In 2010 the MoEDAL experiment at the Large Hadron Collider (LHC) was unanimously approved by CERN's Research Board to start data taking in 2015 and reapproved for Run-3 in 2021. MoEDAL is a pioneering experiment designed to search for highly ionizing avatars of new physics such as magnetic monopoles or massive (pseudo-)stable charged particles. Its groundbreaking physics program defines over 30 scenarios that yield potentially revolutionary insights into such foundational questions as: are there extra dimensions or new symmetries; what is the mechanism for the generation of mass; does magnetic charge exist; what is the nature of dark matter; and, how did the big-bang develop. MoEDAL's purpose is to meet such far-reaching challenges at the frontier of the field.
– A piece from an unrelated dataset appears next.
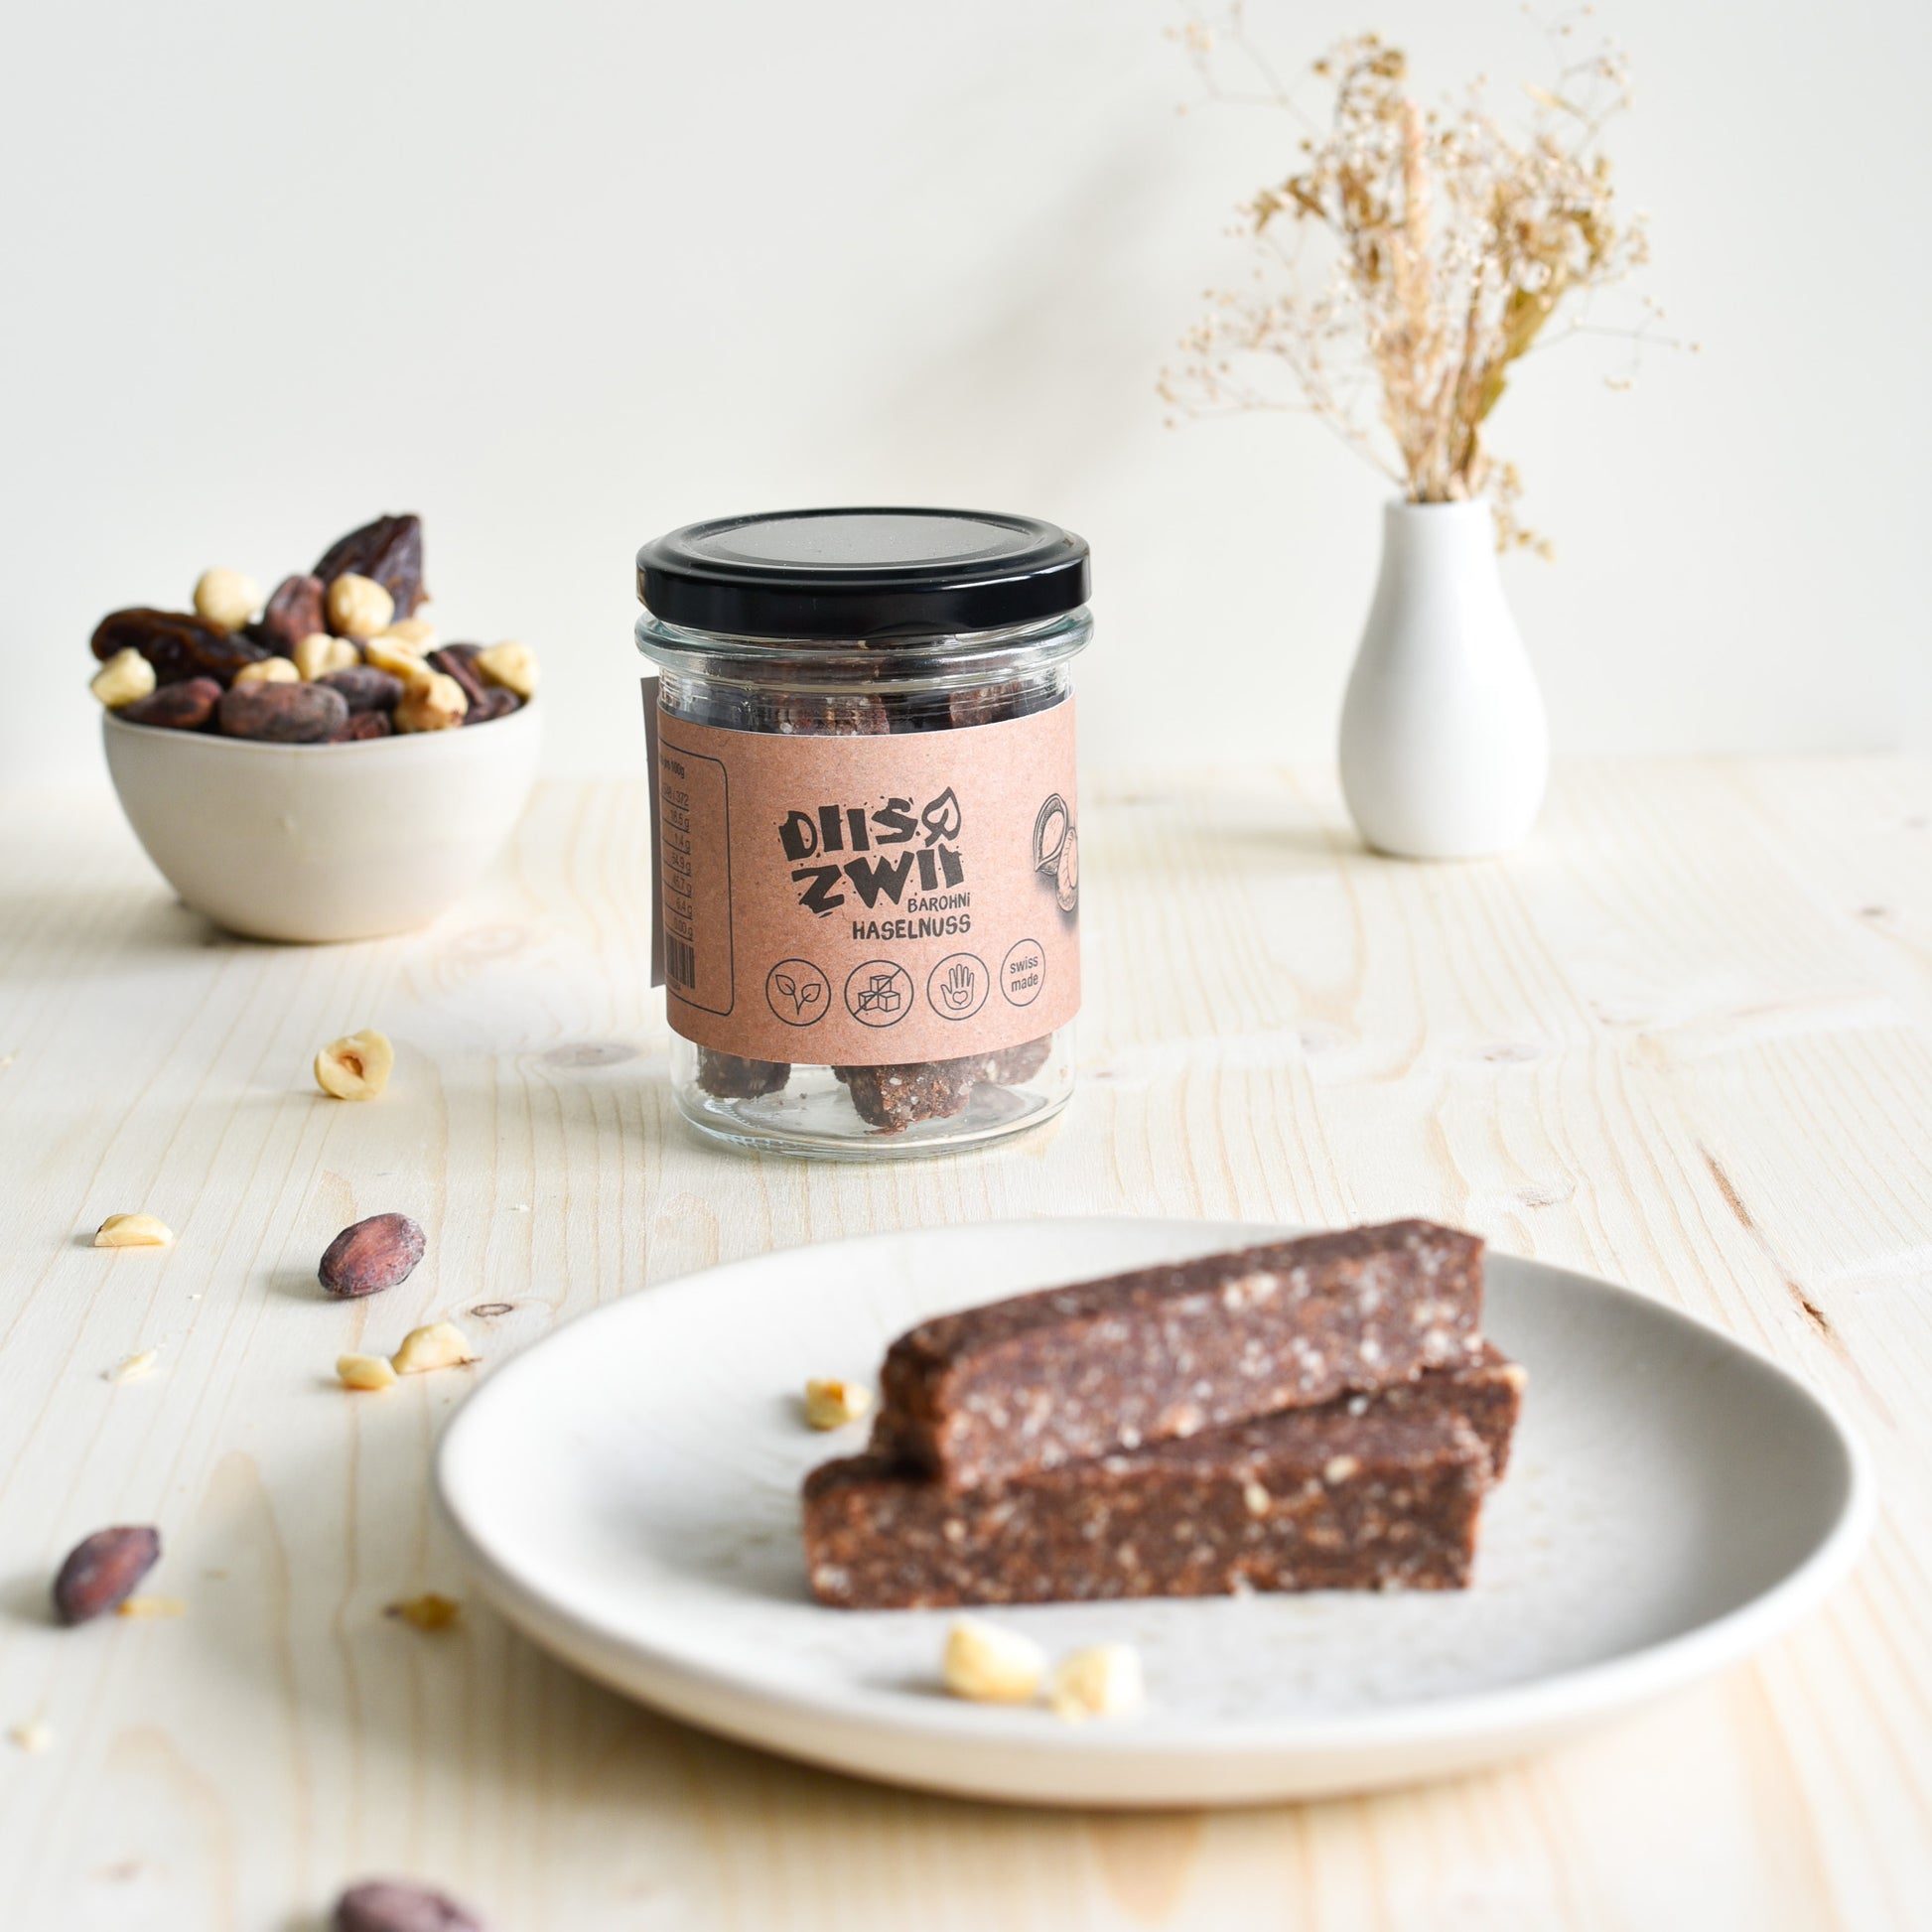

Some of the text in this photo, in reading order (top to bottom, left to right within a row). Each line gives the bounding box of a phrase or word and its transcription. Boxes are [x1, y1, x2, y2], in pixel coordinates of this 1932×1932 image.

[852, 913, 971, 941] HASELNUSS
[1010, 956, 1038, 974] swiss
[1011, 973, 1038, 993] made
The innovative MoEDAL-MAPP detector employs unconventional methodologies tuned to the prospect of discovery physics. The largely passive MoEDAL detector, deployed at Point 8 on the LHC ring, has a dual nature. First, it acts like a giant camera, comprised of nuclear track detectors - analyzed offline by ultra fast scanning microscopes - sensitive only to new physics. It does not require electronic readout or a trigger. Second, it is uniquely able to provide a permanent record of new physics and trap the particle messengers of physics beyond the Standard Model for further study. MoEDAL's radiation environment is monitored by a state-of-the-art real-time TimePix pixel detector array. The MoEDAL detector will take data in Run-3 with: improved detector efficiency; ten times lower charge threshold, 50e to 5e, where e is the unit electric charge; 5 times greater instantaneous luminosity; and, the higher collision energy of 14 TeV.
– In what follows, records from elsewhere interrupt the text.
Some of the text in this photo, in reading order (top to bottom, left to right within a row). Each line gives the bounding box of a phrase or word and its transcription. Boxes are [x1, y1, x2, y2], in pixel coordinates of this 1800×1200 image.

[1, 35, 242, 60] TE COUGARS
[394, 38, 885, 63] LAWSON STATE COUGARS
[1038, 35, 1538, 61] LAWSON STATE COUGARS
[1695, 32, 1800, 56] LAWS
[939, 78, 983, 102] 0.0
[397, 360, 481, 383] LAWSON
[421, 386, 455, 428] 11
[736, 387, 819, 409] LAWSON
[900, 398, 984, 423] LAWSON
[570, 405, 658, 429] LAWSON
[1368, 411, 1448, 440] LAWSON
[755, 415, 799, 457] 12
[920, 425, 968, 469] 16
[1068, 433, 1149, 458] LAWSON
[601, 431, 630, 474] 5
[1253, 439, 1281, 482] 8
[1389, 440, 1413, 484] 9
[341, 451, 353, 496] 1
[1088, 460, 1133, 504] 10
The new MAPP detector is a state-of the art scintillator detector designed to search for Feebly Interacting Particles (FIPs), such as Milli-Charged Particles (mCPs), with charge as small as of the order of thousandth the electron charge. MAPP also has sensitivity to charged and neutral LLPs. The MAPP detectors represents a “Phase-1” addition to the MoEDAL program for Run-3. A 3D computer model of the MAPP-1 detector - deployed in the UA83 tunnel situated 110m underground and 100m from IP8 at an angle of 7 deg. to the beam - is shown in the Figure above. Unlike MoEDAL, MAPP is an active detector with electronic-readout and a software/firmware trigger.